Disabling the phantom display in X

I encountered a this issue on a MacBook Pro 5,3 running Ubuntu 20.04, but without the flickering cursor. Running echo OFF > /sys/kernel/debug/vgaswitcheroo/switch caused my system to freeze for some reason, so I had to find another fix. The one I landed on was to disable the "phantom" display in the X configuration.

First, work out the identifier of the phantom display with xrandr:

$ xrandr --listmonitors

This should show two displays, one of which is the phantom one. In my case it showed LVDS-1 and LVDS-1-2. I guessed that LVDS-1-2 was phantom because LVDS-1 had a * next to it, but I'm not sure if that's the right way to tell. In any case, verify your guess by turning it off with xrandr:

$ xrandr --output LVDS-1-2 --off

If that works, you can then make it permanent in the X configuration. Create a new file in /usr/share/X11/xorg.conf.d/:

$ sudoedit /usr/share/X11/xorg.conf.d/01-disable-phantom-screen.conf

...and put the following in it, replacing LVDS-1-2 with the ID of your phantom screen:

Section "Monitor"
    Identifier "LVDS-1-2"
    Option "Ignore" "true"
EndSection

After this, though, I still had the problem on the login screen (GDM), and in fact it was worse because GDM was showing its UI on the phantom screen.

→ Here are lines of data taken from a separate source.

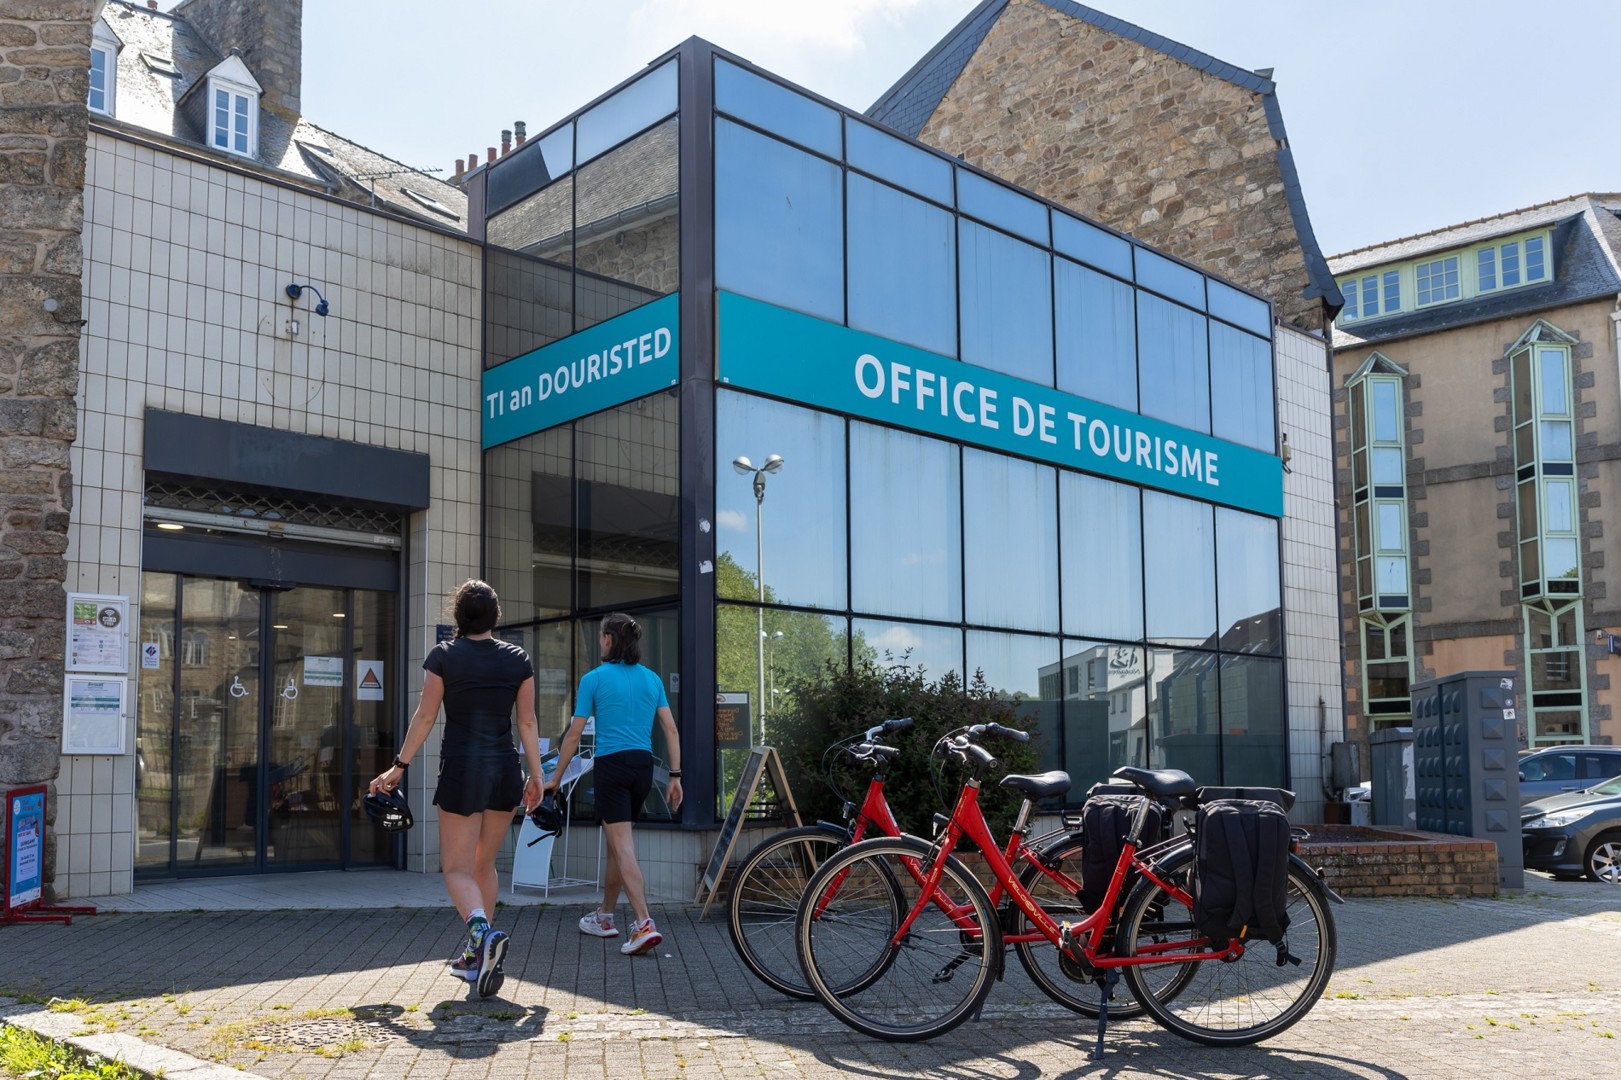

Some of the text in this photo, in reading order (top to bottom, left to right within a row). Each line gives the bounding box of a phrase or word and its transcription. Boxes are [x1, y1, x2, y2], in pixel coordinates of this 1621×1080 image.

[486, 327, 671, 419] TI an DOURISTED
[855, 353, 1219, 487] OFFICE DE TOURISME
[1008, 875, 1057, 934] VELO VILLE
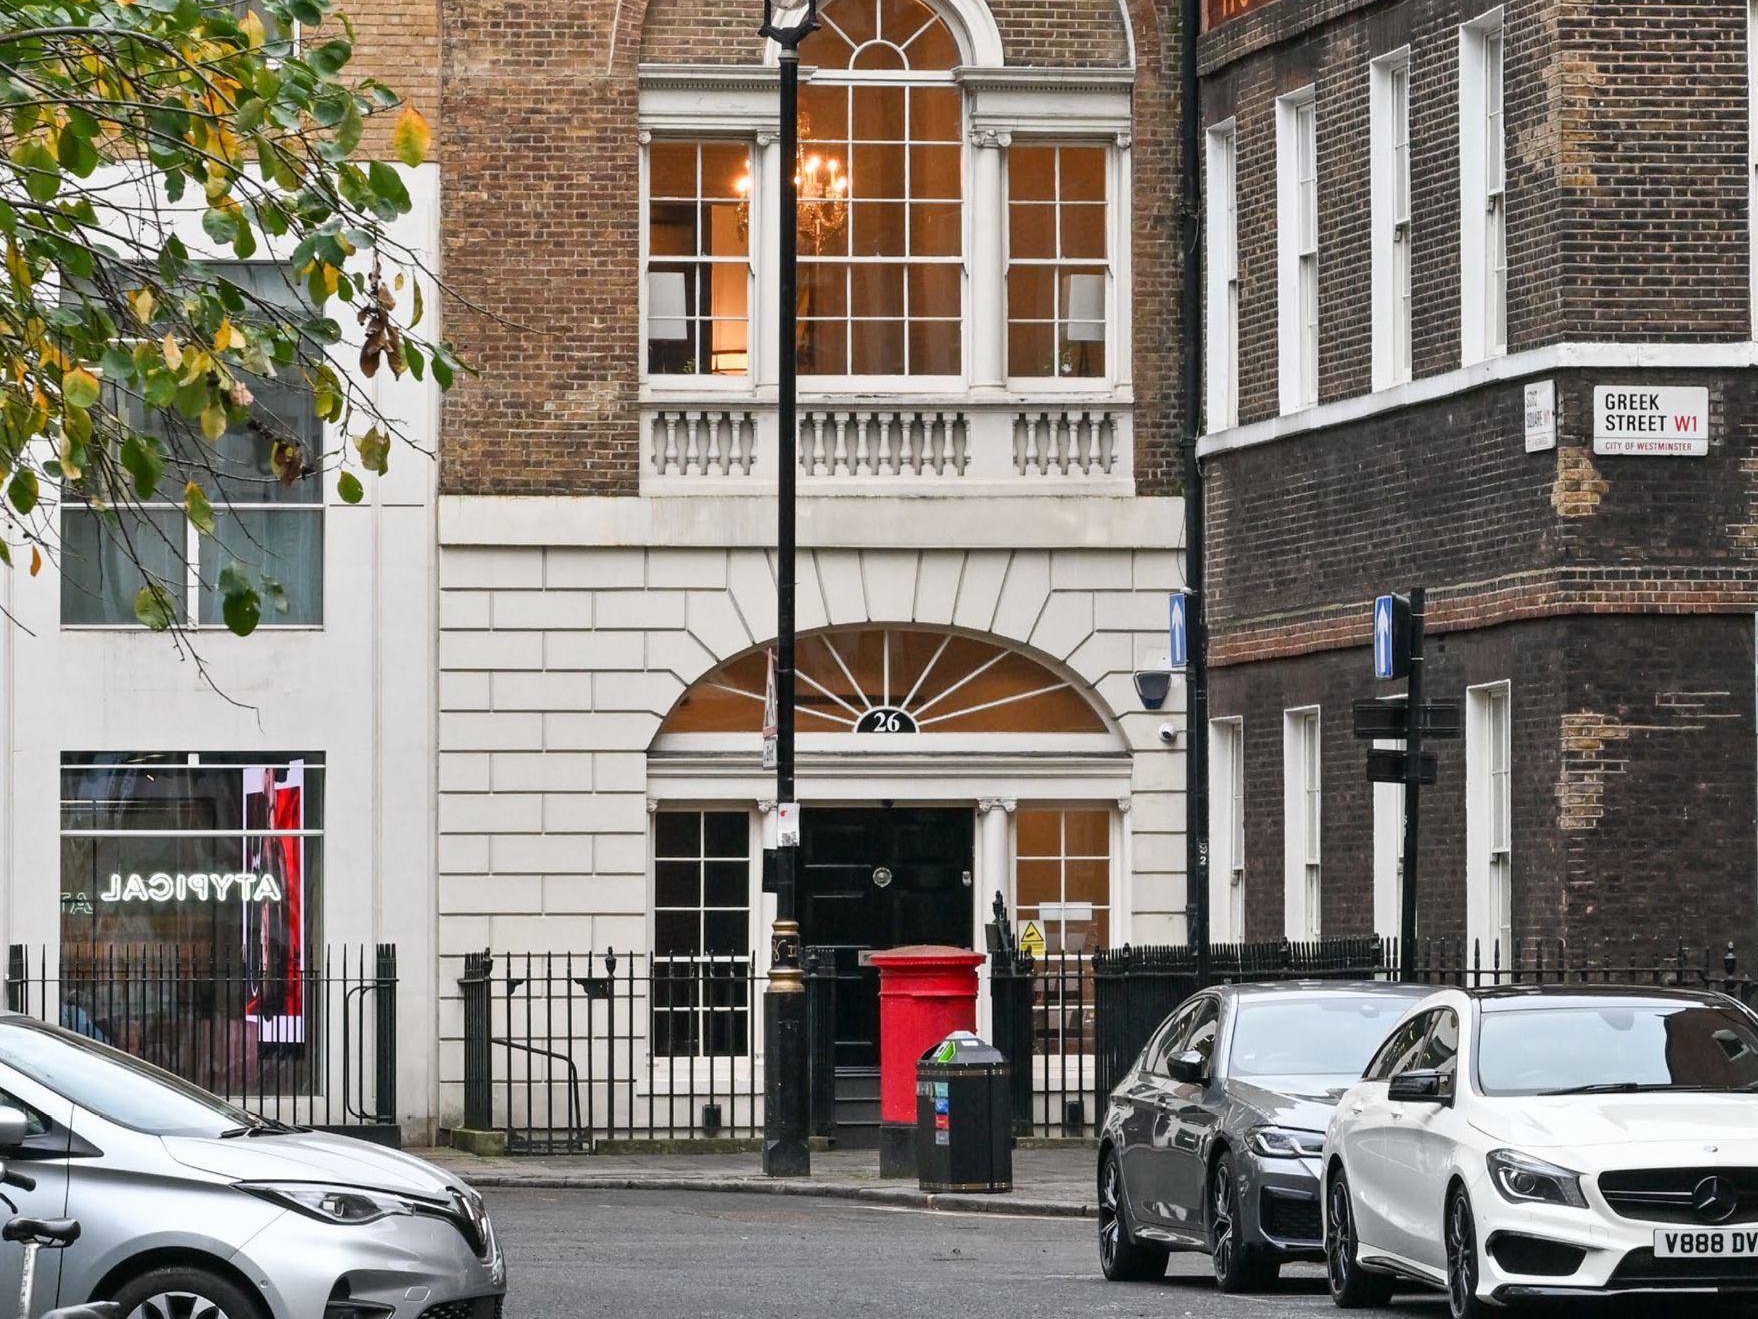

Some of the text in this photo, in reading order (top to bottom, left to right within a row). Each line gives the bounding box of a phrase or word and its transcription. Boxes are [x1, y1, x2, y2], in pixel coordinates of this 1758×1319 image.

[1605, 393, 1659, 410] GREEK
[1605, 414, 1697, 432] STREET W1
[1605, 442, 1692, 451] CITY OF WESTMINSTER
[873, 711, 900, 732] 26
[1665, 1233, 1724, 1253] V888

To fix this, force GDM to use X by editing /etc/gdm3/custom.conf to remove the # from #WaylandEnable=false. (If you happen to be using Ubuntu's OEM install mode, there'll also be a /etc/gdm3/custom.conf.oem file. You'll want to change that, too, so that the fix persists once the end user completes the setup wizard.)

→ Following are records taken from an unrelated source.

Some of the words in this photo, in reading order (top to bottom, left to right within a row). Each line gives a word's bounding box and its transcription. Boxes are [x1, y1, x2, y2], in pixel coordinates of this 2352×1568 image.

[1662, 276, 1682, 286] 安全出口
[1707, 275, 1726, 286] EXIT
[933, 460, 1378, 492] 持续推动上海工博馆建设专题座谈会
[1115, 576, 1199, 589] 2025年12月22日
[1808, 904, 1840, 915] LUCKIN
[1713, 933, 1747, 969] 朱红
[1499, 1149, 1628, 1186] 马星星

Old answer: disable Nouveau

Like I said above, this answer isn't great (turns out disabling your graphics driver is rather bad for performance), but I've kept it here in case it helps someone.

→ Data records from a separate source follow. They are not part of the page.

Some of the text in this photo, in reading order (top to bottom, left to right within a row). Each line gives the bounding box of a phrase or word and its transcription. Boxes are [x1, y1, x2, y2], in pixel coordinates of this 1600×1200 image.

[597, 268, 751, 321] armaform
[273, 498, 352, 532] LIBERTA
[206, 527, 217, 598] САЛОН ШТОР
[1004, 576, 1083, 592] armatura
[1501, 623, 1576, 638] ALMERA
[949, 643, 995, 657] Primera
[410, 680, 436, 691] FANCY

I disabled vgaswitcheroo entirely. To do this, add nouveau.modeset=0 to the GRUB_CMDLINE_LINUX_DEFAULT line in /etc/default/grub. For example, mine looks like this afterwards:

GRUB_CMDLINE_LINUX_DEFAULT="quiet splash nouveau.modeset=0"

Then run sudo update-grub and reboot.

The HybridGraphics page in the community documentation has more details that helped me work this out.